Recent prior work by the Chassaing team, and by others, had shown that microbiota encroachment was a feature of metabolic syndrome in humans. “We suspected that one factor that might contribute to such microbiota encroachment is relatively low amount of flagellin-specific mucosal IgA relative to the amount of flagellated bacteria present,” they wrote. To investigate this they measured levels of flagellin and flagellin-specific IgA in fecal samples that had been previously isolated from human subjects ranging in body mass index from healthy to obese. As suspected, analyses indicated that anti-flagellin IgA levels were inversely proportional to flagellin in the feces. So, levels of fecal flagellin were comparatively higher in overweight individuals than they were in normal weight subjects, and even higher in obese subjects. In contrast, levels of flagellin-specific IgA were lower in fecal samples from obese subjects, than they were in samples from normal weight subjects.

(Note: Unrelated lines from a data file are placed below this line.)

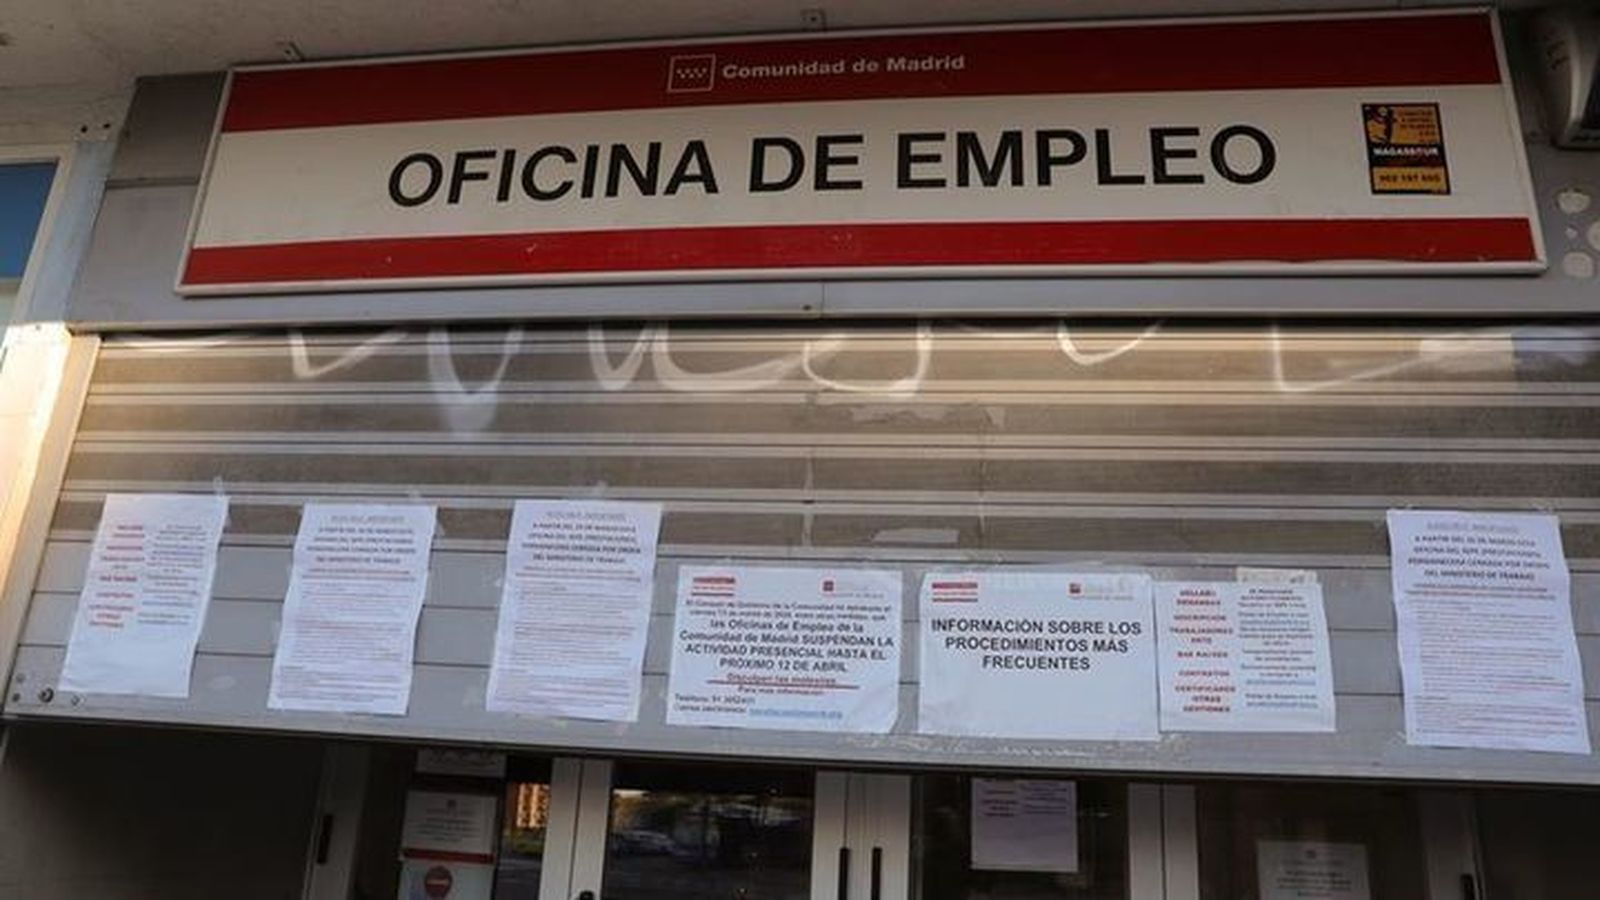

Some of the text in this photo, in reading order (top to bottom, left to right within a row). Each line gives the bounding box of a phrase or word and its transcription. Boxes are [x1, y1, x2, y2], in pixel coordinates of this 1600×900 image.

[722, 55, 966, 80] Comunidad de Madrid
[388, 124, 1277, 207] OFICINA DE EMPLEO
[728, 619, 773, 630] Oficinas
[776, 620, 788, 630] de
[792, 620, 834, 632] Empleo
[837, 621, 850, 632] de
[853, 622, 864, 632] la
[1048, 621, 1103, 634] SOBRE
[1108, 622, 1142, 635] LOS
[679, 630, 894, 647] Comunidad de Madrid SUSPENDAN LA
[945, 637, 1129, 653] PROCEDIMIENTOS MÁS
[685, 643, 886, 660] ACTIVIDAD PRESENCIAL HASTA EL
[778, 660, 789, 670] 12
[793, 661, 808, 671] DE
[813, 661, 848, 672] ABRIL
[982, 655, 1090, 670] FRECUENTES
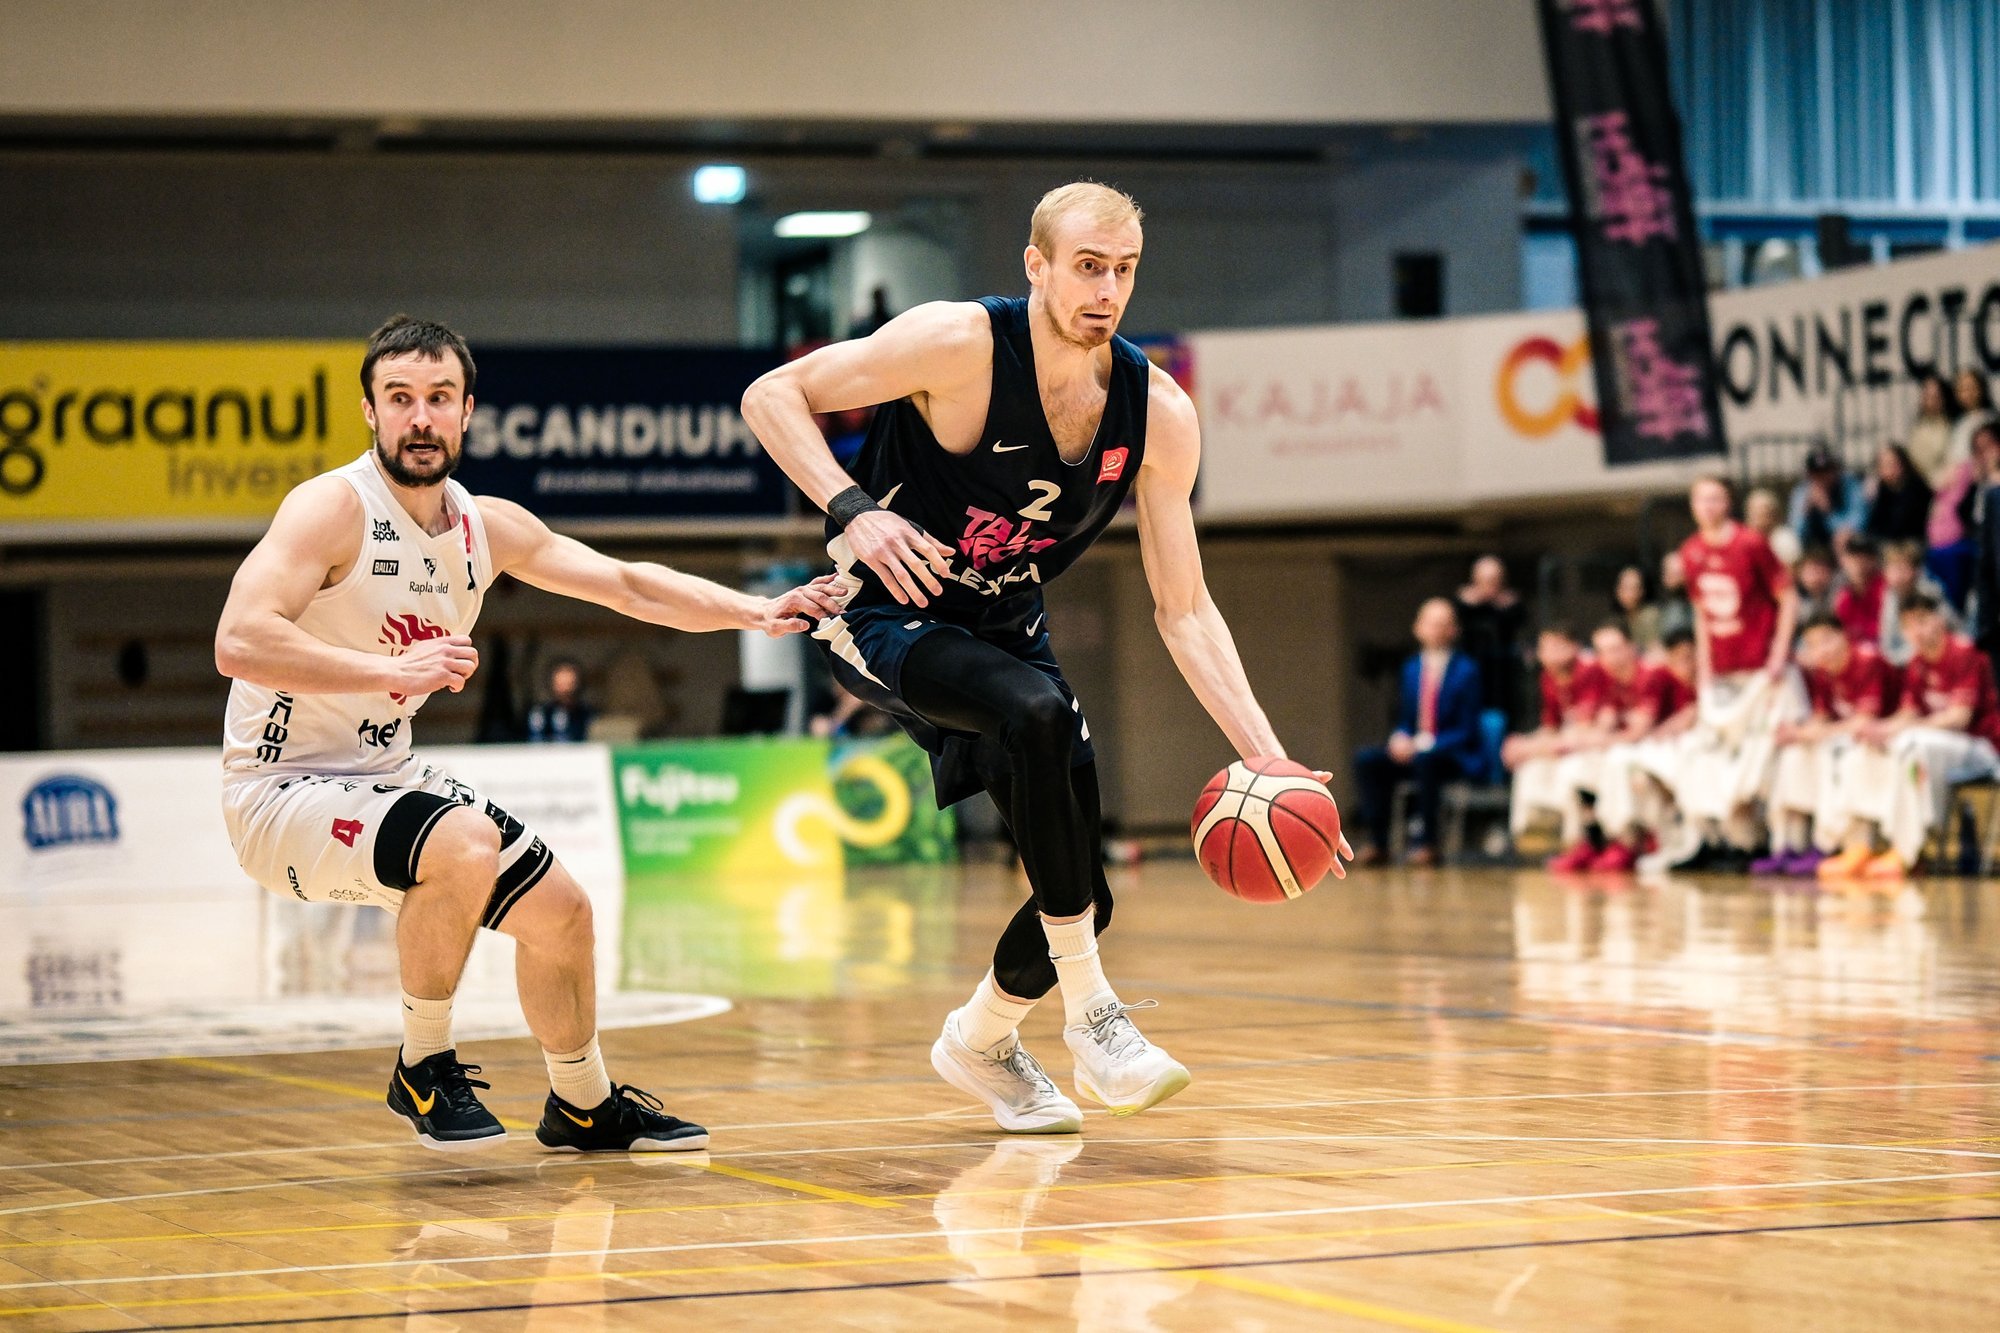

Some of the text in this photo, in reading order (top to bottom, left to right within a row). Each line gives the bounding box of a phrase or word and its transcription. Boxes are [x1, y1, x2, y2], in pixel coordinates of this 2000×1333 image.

“These results are in accord with the possibility that insufficient immune responses to flagellin contribute to low-grade inflammation thought to promote this disorder and, consequently, that immunization with flagellin may be able to prevent or ameliorate this disorder,” they wrote. Experiments in the mice showed that when fed on an obesogenic high-fat diet, flagellin-immunized mice gained less weight and put on less fat than non-immunized control animals. “Moreover, flagellin immunization was associated with decreased intestinal inflammation,” the investigators wrote.
“These results support the notion that natural acquisition of flagellin-specific IgA protects against chronic inflammatory diseases, thus leading to the suggestion that eliciting anti-flagellin antibodies via immunization might be a means to vaccinate against such diseases,” the authors concluded. “… elicitation of flagellin-specific IgA via exogenous administration of flagellin has potential to protect against some chronic inflammatory diseases, including colitis and obesity.” Chassaing acknowledged that “ … significant work is now needed to test other antigens, other immunization routes and additional inflammatory models, as well as the human relevance of these findings.” Nevertheless, added co-author Andrew Gewirtz, PhD, a professor in Georgia State’s Institute for Biomedical Sciences, “If the approach proves translatable to humans, its impact on public health would be enormous.”